"Jim Lesurf" <
no...@audiomisc.co.uk> wrote in message
news:5a417f2...@audiomisc.co.uk...
> In article <
jsfiup...@mid.individual.net>, Mark Carver
> <mark....@invalid.invalid> wrote:
>> On 02/11/2022 16:01, Brian Gaff wrote:
>> > In many ways its analogue days were its haydays, it seemed everyone
>> > had a dish back then.
>> >
>> I can assure you Brian, something like 40% of homes have a dish around
>> here. There's no obvious correlation with <cough> social demographic
>> (never has been, that's always been largely a myth)
>
> TBH now you've said that I can't recall seeing *any* on the houses in and
> around our street. When I emerge from 'shielding' (I hope!) I'll have a
> look to see if that's only because I've not been looking.
>
> 'Freeview' + the net seem fine to me.
I imagine that there are two types of user of a satellite dish: those who
want the channels that you can only get on satellite (maybe even the
encrypted Sky ones), and those who want the channels that you can get on
Freeview but have poor terrestrial reception.

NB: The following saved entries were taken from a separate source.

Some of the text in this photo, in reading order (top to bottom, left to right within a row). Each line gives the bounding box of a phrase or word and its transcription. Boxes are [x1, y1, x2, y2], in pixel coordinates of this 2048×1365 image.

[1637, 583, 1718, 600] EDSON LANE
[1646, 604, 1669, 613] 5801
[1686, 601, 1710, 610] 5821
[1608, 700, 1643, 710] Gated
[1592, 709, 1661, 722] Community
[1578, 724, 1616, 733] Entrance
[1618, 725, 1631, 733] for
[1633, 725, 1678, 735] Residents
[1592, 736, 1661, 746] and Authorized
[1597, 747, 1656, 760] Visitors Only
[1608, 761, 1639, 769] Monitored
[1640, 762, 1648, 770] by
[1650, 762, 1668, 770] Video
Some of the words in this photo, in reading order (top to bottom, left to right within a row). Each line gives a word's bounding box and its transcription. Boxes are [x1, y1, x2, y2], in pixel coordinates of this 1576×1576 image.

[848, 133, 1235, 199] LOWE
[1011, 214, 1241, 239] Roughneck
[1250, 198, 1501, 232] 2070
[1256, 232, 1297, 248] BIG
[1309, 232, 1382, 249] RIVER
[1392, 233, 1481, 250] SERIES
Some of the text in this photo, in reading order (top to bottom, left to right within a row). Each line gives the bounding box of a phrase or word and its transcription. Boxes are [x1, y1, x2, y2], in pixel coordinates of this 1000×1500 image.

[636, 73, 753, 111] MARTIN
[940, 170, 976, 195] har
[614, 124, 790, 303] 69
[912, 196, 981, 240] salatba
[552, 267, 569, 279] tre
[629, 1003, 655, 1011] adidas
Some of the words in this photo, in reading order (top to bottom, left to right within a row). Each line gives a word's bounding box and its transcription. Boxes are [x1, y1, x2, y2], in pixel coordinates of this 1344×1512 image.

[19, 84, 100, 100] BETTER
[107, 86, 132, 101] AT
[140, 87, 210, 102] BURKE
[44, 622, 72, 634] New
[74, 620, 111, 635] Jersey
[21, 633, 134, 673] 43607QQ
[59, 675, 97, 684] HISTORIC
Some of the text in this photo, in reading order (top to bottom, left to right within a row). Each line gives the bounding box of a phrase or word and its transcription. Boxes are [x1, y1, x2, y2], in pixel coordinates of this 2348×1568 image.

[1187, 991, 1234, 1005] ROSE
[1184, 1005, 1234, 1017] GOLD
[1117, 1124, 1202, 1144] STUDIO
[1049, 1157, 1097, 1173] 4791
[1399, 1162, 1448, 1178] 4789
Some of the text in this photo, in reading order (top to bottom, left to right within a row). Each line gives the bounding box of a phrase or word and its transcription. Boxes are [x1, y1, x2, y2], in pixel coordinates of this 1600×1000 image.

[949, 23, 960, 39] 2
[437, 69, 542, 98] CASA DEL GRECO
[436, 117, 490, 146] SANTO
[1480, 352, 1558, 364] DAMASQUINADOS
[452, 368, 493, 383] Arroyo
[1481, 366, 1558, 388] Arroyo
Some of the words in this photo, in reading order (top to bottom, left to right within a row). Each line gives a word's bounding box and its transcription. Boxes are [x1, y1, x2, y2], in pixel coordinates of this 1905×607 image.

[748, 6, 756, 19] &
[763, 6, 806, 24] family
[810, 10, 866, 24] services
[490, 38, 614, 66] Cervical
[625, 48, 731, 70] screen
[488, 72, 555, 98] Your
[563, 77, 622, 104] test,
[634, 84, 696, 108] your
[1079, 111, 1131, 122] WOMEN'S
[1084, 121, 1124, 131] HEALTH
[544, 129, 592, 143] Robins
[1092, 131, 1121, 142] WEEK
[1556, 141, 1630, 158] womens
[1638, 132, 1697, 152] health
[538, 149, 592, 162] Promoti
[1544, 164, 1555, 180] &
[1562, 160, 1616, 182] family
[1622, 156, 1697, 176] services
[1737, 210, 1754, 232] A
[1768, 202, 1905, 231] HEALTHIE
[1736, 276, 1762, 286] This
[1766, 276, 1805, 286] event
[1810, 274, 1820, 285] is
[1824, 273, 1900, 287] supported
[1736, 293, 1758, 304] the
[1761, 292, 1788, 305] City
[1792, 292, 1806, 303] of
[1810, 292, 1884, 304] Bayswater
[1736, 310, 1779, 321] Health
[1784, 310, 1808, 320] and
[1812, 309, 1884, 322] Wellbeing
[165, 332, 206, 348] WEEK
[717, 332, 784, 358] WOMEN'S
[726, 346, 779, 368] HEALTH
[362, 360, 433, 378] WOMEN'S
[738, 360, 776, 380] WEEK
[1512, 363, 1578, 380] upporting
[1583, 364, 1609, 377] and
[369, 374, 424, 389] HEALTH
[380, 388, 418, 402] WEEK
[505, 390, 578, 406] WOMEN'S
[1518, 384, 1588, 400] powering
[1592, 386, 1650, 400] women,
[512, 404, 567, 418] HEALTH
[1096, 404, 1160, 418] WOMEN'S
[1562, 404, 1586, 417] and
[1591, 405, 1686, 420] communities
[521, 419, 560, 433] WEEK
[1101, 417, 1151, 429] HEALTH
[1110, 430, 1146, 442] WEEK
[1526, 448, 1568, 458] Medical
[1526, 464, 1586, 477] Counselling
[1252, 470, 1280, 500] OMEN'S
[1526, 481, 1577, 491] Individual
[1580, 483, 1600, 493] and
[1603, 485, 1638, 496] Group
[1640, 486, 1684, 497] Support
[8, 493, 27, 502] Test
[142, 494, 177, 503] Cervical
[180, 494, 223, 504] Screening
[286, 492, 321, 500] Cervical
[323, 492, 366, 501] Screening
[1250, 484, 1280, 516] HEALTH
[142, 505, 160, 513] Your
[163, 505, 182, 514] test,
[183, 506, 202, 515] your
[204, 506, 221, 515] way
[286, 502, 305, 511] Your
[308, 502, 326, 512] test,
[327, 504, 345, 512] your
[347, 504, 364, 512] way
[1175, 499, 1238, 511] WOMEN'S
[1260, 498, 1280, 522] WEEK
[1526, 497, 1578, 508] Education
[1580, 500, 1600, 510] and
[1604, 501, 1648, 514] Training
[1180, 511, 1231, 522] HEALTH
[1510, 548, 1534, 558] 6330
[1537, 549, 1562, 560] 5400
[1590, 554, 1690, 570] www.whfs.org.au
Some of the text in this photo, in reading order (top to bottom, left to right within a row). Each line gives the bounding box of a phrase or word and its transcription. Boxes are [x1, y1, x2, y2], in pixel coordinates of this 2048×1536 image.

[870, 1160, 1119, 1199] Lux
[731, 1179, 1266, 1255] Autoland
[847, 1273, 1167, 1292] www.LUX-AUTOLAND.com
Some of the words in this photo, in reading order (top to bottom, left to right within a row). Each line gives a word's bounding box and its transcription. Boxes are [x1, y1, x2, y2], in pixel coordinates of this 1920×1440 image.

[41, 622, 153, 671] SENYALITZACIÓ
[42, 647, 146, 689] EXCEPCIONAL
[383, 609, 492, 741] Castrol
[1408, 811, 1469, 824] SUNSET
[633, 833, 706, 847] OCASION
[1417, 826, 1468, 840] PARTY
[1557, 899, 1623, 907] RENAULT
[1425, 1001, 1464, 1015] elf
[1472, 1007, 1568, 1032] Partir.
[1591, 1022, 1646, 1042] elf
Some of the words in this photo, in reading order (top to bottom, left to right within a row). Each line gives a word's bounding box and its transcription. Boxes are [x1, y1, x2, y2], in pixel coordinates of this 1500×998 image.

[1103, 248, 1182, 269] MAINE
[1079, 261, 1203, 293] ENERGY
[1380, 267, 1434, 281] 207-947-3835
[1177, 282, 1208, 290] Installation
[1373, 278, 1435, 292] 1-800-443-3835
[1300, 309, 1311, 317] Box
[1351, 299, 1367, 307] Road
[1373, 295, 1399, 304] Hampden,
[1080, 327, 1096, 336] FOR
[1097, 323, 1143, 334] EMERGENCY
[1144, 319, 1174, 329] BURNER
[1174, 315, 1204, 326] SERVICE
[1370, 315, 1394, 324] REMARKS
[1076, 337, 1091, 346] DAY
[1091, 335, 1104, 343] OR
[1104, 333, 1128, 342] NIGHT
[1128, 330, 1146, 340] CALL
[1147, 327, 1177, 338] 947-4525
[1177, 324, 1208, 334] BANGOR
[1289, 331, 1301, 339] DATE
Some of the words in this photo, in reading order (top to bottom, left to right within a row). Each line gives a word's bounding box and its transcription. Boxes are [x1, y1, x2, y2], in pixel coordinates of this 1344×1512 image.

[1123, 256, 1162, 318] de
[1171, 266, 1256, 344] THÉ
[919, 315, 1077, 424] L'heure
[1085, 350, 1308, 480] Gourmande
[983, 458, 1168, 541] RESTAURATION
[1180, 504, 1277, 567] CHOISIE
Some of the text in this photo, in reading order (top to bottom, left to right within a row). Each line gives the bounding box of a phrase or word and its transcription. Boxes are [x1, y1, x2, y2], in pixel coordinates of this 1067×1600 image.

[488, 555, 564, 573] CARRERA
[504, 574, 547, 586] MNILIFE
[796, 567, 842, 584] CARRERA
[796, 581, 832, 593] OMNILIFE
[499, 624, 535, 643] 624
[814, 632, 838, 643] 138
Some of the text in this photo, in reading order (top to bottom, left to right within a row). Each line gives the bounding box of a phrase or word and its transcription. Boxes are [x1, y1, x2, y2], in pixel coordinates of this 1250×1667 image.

I have a dual-LNB dish, with one cable connected to the TV and the other to
a DVB-S2 USB tuner connected to a Raspberry Pi. Because of the way that
stations are allocated to satellite multiplexes, I've found that the chance
of two stations that I want to record from being on the same mux is very
small, so to all intents and purposes one tuner means one station can be
recorded. So I also have a dual-tuner DVB-T2 USB tuner connect to the
aerial. With that I can record at least two more stations, and maybe more
since there's a greater chance that two stations that I want will be on the
same mux.
I tend to make satellite the higher preference because satellite reception
is better; because we live in the shadow of a hill (the only hill between
our house and Belmont, 60 miles away) terrestrial reception can suffer from
dropouts in poor reception conditions.
Ideally I've upgrade the dish to quad-LNB and run extra cables to the living
room, but I'd also have to buy extra DVB-S2 tuners, and finding one with the
correct revision level to be supported by Linux is a problem: I bought two,
found that one was an old enough revision to be usable, and returned the
other newer, unsupported one to Amazon.